Our ancestors chose to continue planting the grains they were used to instead of that new-fangled grain the foreigners brought.

Our ancestors chose to play it safe because that consistently paid off.

But guess what, we don’t have to do that anymore. Now, I’m not talking about paying in traffic people, but that skip of the heartbeat, that breathlessness we get that lets us know something isn’t right, we can choose to ignore that.

See, our primate brains still act react to social situations as if there’s a wolf pack around the corner. It doesn’t know how to react any other way. And that can be really helpful – when there’s an actual wolf pack in the area! But there isn’t. So why do we give into our fears?

The last three days of May I freaked out – hardcore. For the first time, I decided to enter The Colorado Gold Contest. The story had been written a year ago. I had taken it to critique group, even had a former judge peruse it. But I waited until the afternoon of the very last day to turn it in. I was scared. I started procrastinating by calling old friends, watching YouTube videos and re-reading books. I did everything I could not to submit my four thousand words.

At times like these, you have to remember that the thing that scares you is the thing you are supposed to do. That fear – fear of failure, fear of success, fear of losing status or prestige – are all illusions. The things that matter in your life are still going to be there whether you step on stage and sing or run away. More importantly, if do choose to stand in that state and make a fool out of yourself your friends are still going to be there.

Will it hurt? Probably. Will it be embarrassing? Possibly. But all suffering is redemptive and you’ll be a better person for the scars. You’ll learn and do it better next time.

You know what’s awesome about writing? If it doesn’t work out, you can always hit delete. You can always re-write that WIP, start a new story, query another agent, or submit to another contest. There are endless opportunities to write well.

Will it be hard? Yes. But hard is relative. Will it be “Shoveling horse manure in Missouri,” hard? Probably not. Will it grate at your ego? Well, only you can answer that.

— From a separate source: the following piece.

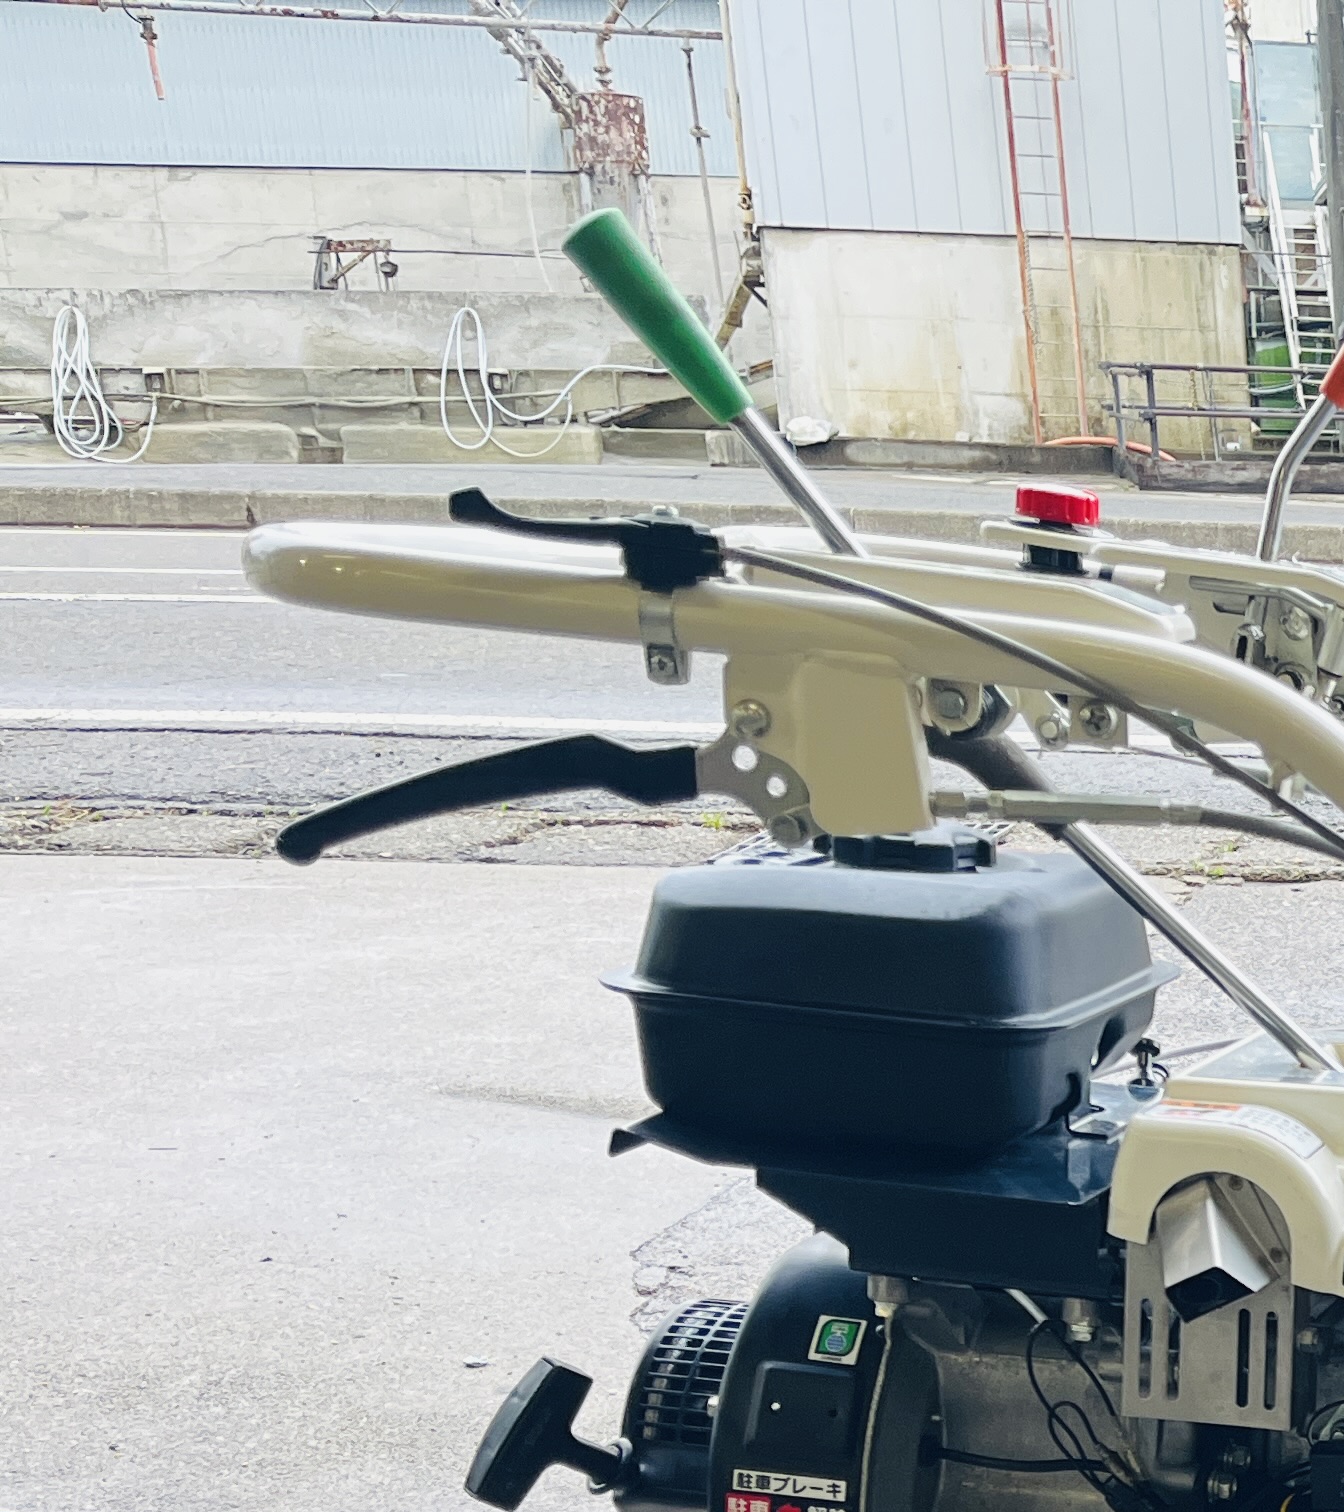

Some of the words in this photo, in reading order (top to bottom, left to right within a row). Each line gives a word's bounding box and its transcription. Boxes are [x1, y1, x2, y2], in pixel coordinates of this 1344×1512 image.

[736, 1471, 842, 1499] 駐車ブレーキ

The point is you have a unique opportunity to tell a story only you can tell. Don’t let a little fear get in the way of that. It takes courage to write – especially today. It took courage to look up RMFW. It took courage to start reading this blog. So we already know you’re a courageous person just for being here! Now let’s continue to be courageous.

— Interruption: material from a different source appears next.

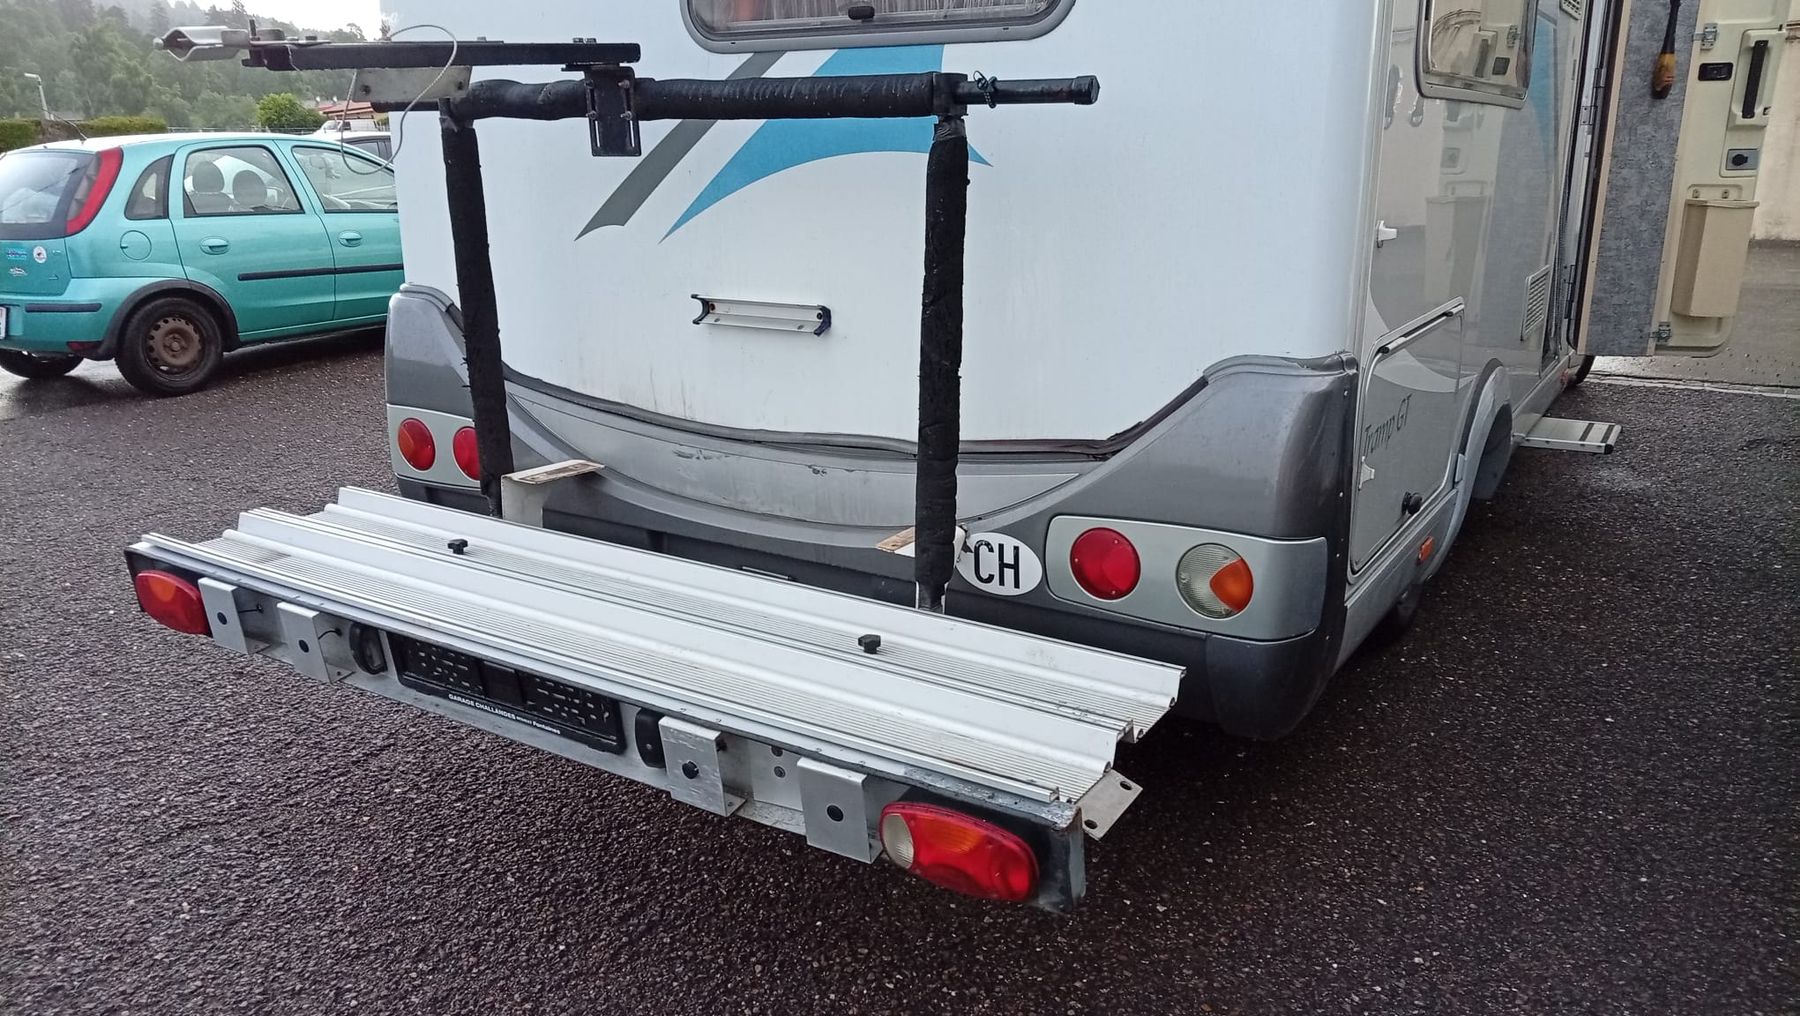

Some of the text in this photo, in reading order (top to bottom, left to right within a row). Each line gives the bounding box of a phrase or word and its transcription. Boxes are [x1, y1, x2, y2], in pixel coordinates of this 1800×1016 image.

[1363, 393, 1413, 458] Tramp GT
[974, 539, 1020, 589] CH
[448, 693, 475, 706] GARAGE
[475, 702, 516, 720] CHALLANDES

Christ Batty, the founder of NaNoWrimo, is fond of saying “The World Needs Your Story.” I couldn’t agree more. All you have to do is make a habit of it. Write a little a day, even if it’s just a page. Then, join a critique group. Meet new friends who will support your writing. Go to conference in September.

You’re probably wondering if I submitted my first 4K to the contest. I did. I clicked submit at 3:19 PM on May 31st. I got in under the deadline – in spite of my fear.



Jason Evans
Jason always wanted to be a writer, he just didn’t know it. He grew up in Southern California and taught high school social studies after college until he got married and moved to Denver in 2004. He continued in education until he realized his heart was in fiction. Since 2012 Jason published several short stories, ran an online magazine, and became a regular panelist at local conventions. He blogs regularly on his own website, in addition to Rocky Mountain Fiction Writers.

Jason earned a master's in history in 2012 and is married to the fetching Mrs. Evans, his spouse, best friend and tax preparer.

You can like Jason’s Facebook fan page, follow him on Twitter @evans_writer, or sign up for his email list at www.jasonhenryevans.com.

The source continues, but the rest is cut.